Vivre sous un régime démocratique n’est ni acquis, ni immuable. L’arrivée au pouvoir à l’international de régimes autoritaires et le durcissement de l’exercice des libertés associatives et de manifestation en France, nous montrent bien à quel point il faut au contraire travailler à renforcer à nos droits et libertés.
Alors que l’État peut paraître hors de portée, par quel biais agir pour diffuser les idées d’émancipation, de progrès social, et pour transformer concrètement la société ?
Peut-être est-ce un lieu commun, mais la commune est un outil majeur pour proposer des expérimentations de toute sortes et notamment démocratiques, extensibles au reste du pays. En tant que socle de la démocratie locale, au plus proche des habitant·es, elle constitue un lieu de rencontre et de discussions politiques privilégié.

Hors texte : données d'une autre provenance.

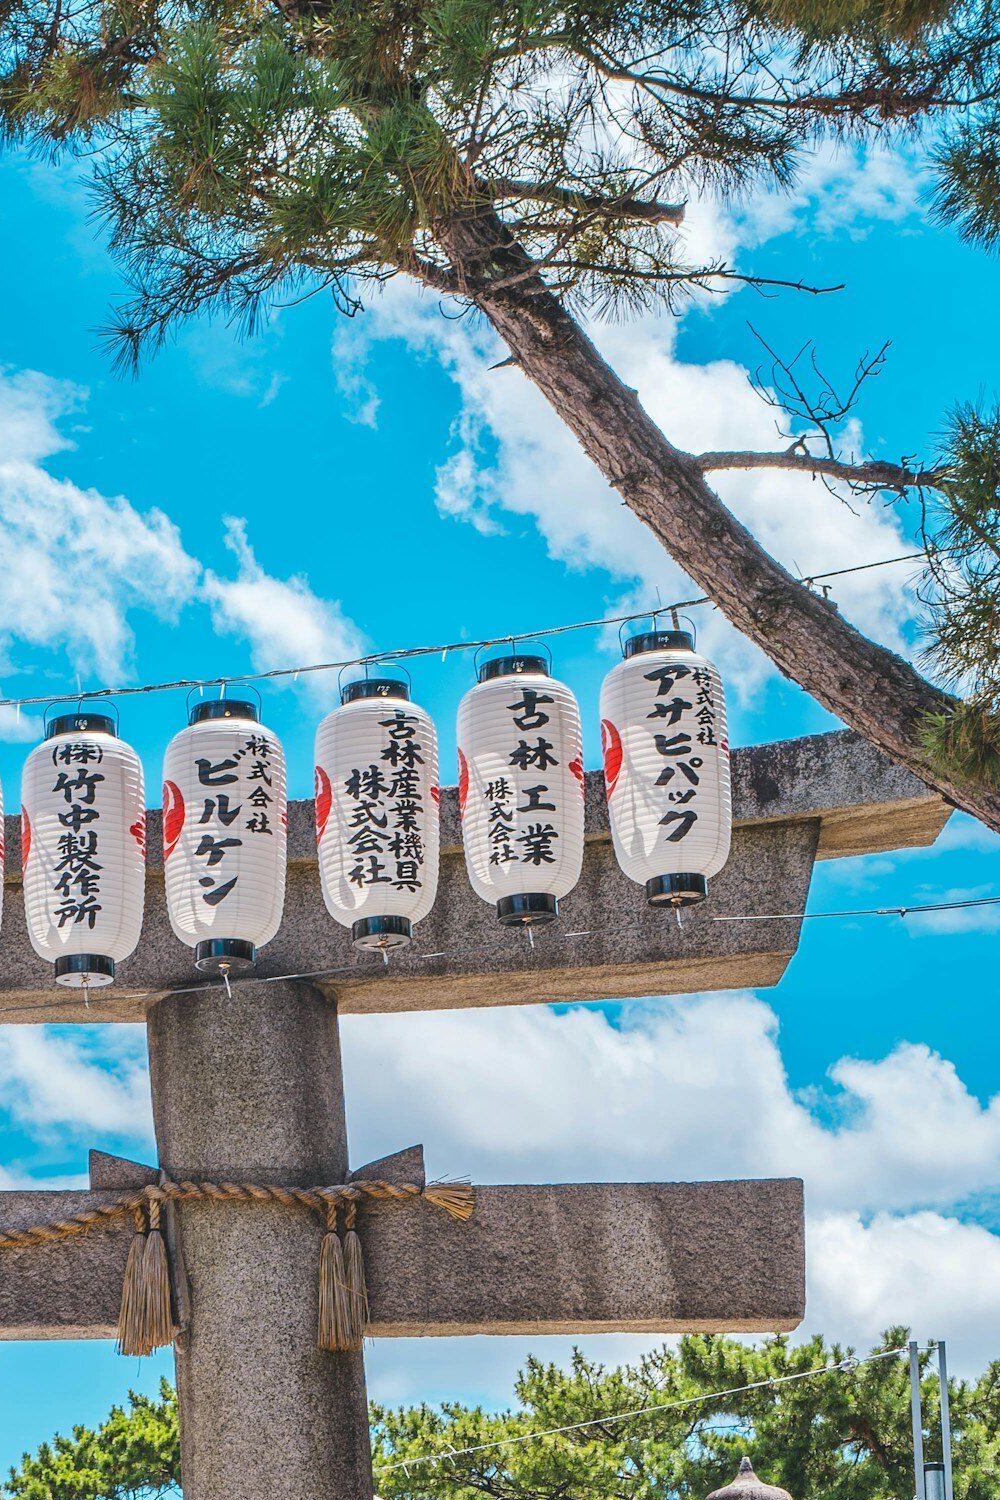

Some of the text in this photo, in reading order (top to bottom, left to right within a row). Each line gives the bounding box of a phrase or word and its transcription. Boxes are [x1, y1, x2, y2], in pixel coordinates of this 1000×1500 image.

[245, 734, 274, 836] 株式会社
[506, 688, 560, 867] 古林工業
[643, 664, 701, 843] アサヒパック
[691, 666, 718, 747] 株式会社
[51, 743, 106, 929] (株)竹中製作所
[194, 748, 247, 907] ビルケン
[344, 764, 392, 889] 株式会社
[377, 710, 426, 893] 古林産業機具
[484, 776, 519, 867] 株式会社
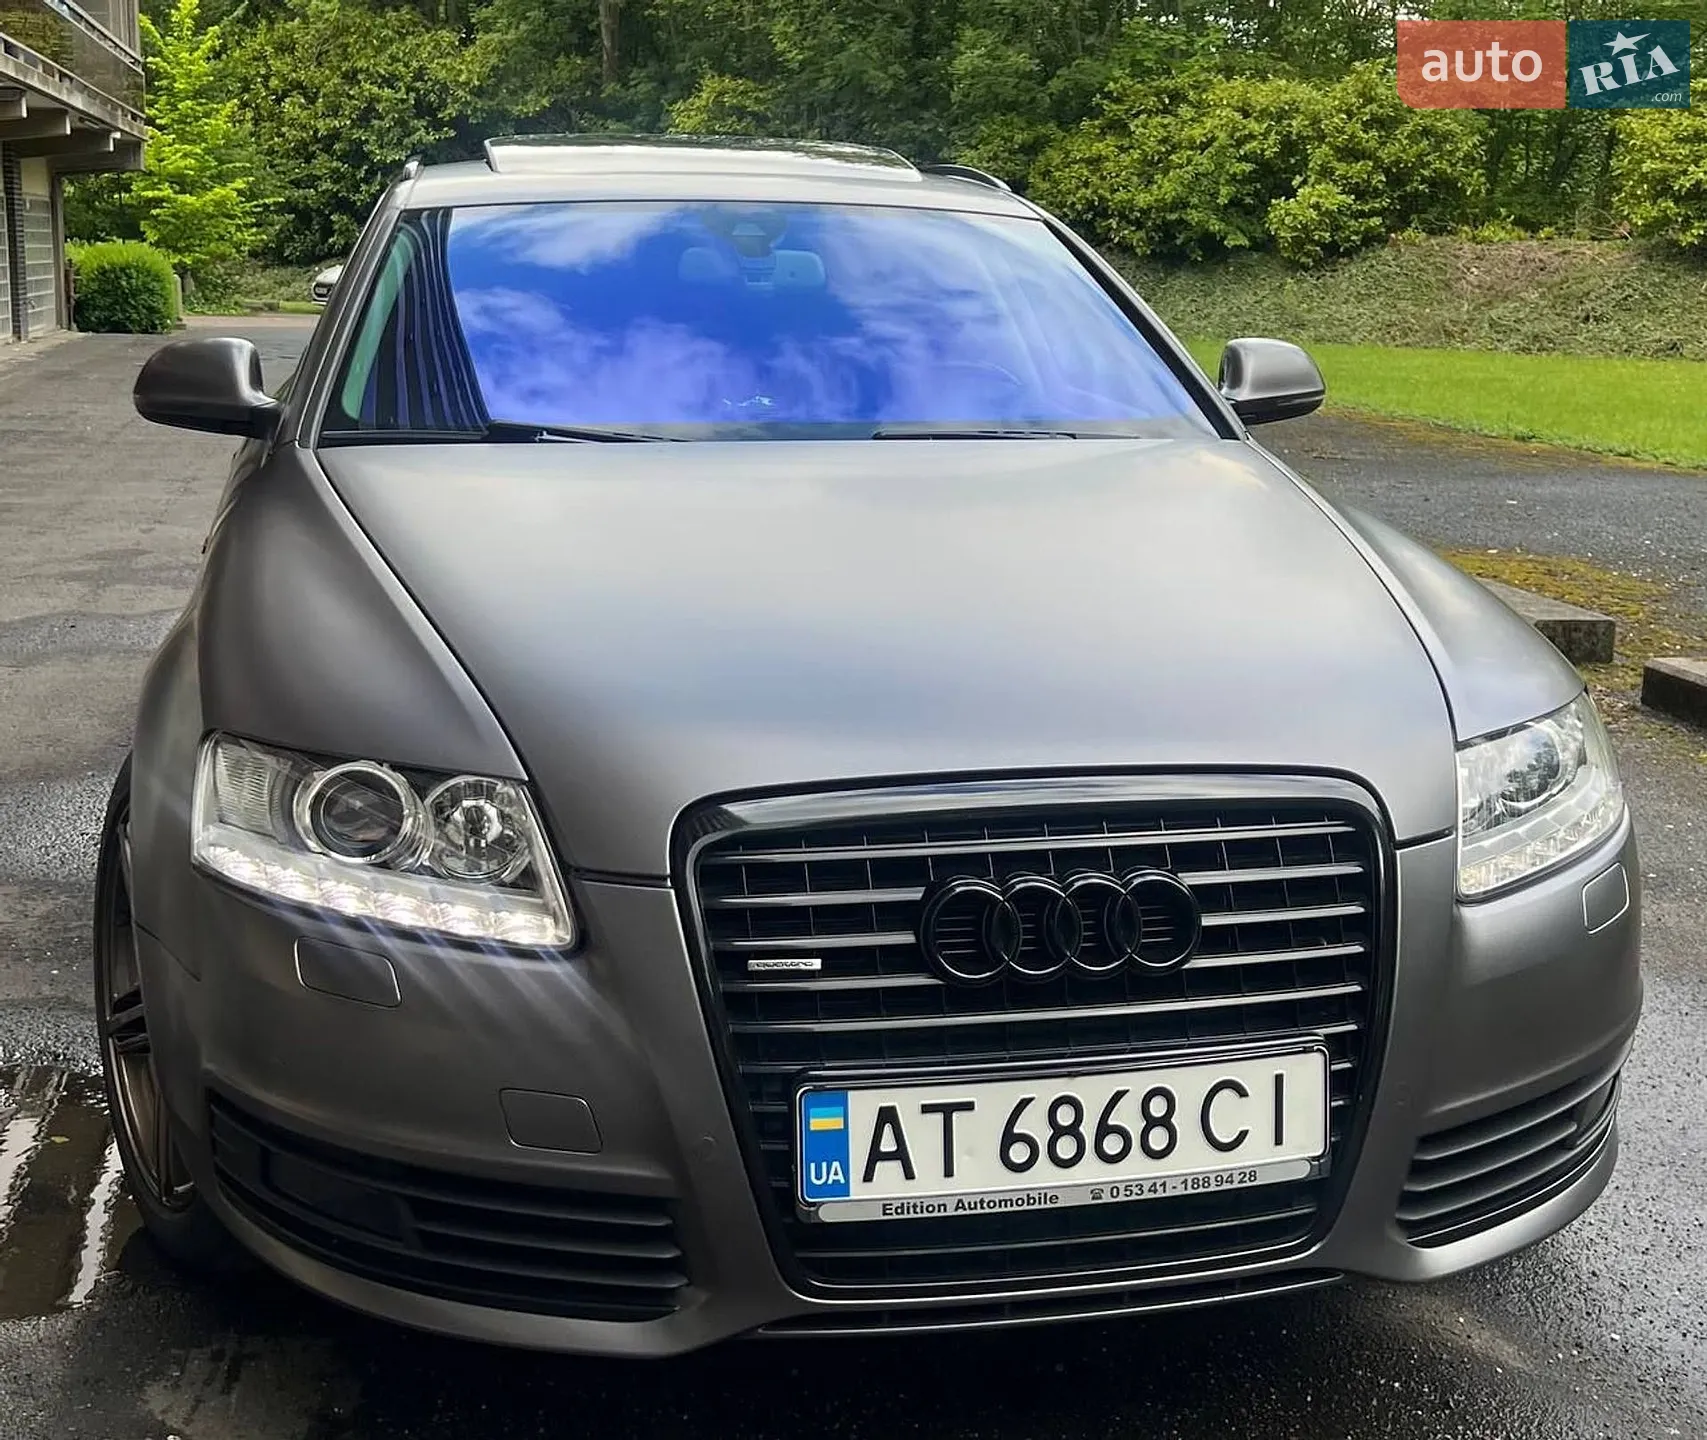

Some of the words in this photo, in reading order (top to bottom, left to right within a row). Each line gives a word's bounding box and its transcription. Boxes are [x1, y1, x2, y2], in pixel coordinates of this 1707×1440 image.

Par l’institution, en premier lieu, avec les organes officiels de débat ou autres concertations ; par l’interpellation citoyenne, associative ou syndicale, la vitalité d’une vie associative qui porte des combats à l’ordre du jour et aident à l’éducation politique de tous·tes. Mais aussi par l’attention qu’elle peut porter aux revendications citoyennes pour l’approfondissement de la démocratie, telle que le RIC revendiqué par les Gilets jaunes.

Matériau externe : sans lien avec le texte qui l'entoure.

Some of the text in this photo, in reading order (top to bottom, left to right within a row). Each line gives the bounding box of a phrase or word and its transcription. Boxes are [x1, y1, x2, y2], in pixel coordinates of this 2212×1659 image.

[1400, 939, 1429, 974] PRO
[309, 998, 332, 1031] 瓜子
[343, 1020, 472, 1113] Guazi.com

La commune est un moyen de sortir de l’impuissance collective, si l’on accepte de la voir comme un outil puissant de transformation et pas comme une institution qu’il suffirait de gérer. Les actions que l’on y mène ne sont pas neutres ; elles sont toujours idéologiques. Et pour que le débat sur les orientations locales puisse se tenir, il faut des citoyen·nes éclairé·es. Cela passe par l’enseignement scolaire, les politiques culturelles ; l’éducation populaire qui, en s’appuyant sur les savoirs partagés, augmente l’émancipation collective et les capacités de mobilisation ; et aussi par une presse locale de qualité qui fait vivre les débats, débusque le vrai du faux, et permet de penser librement.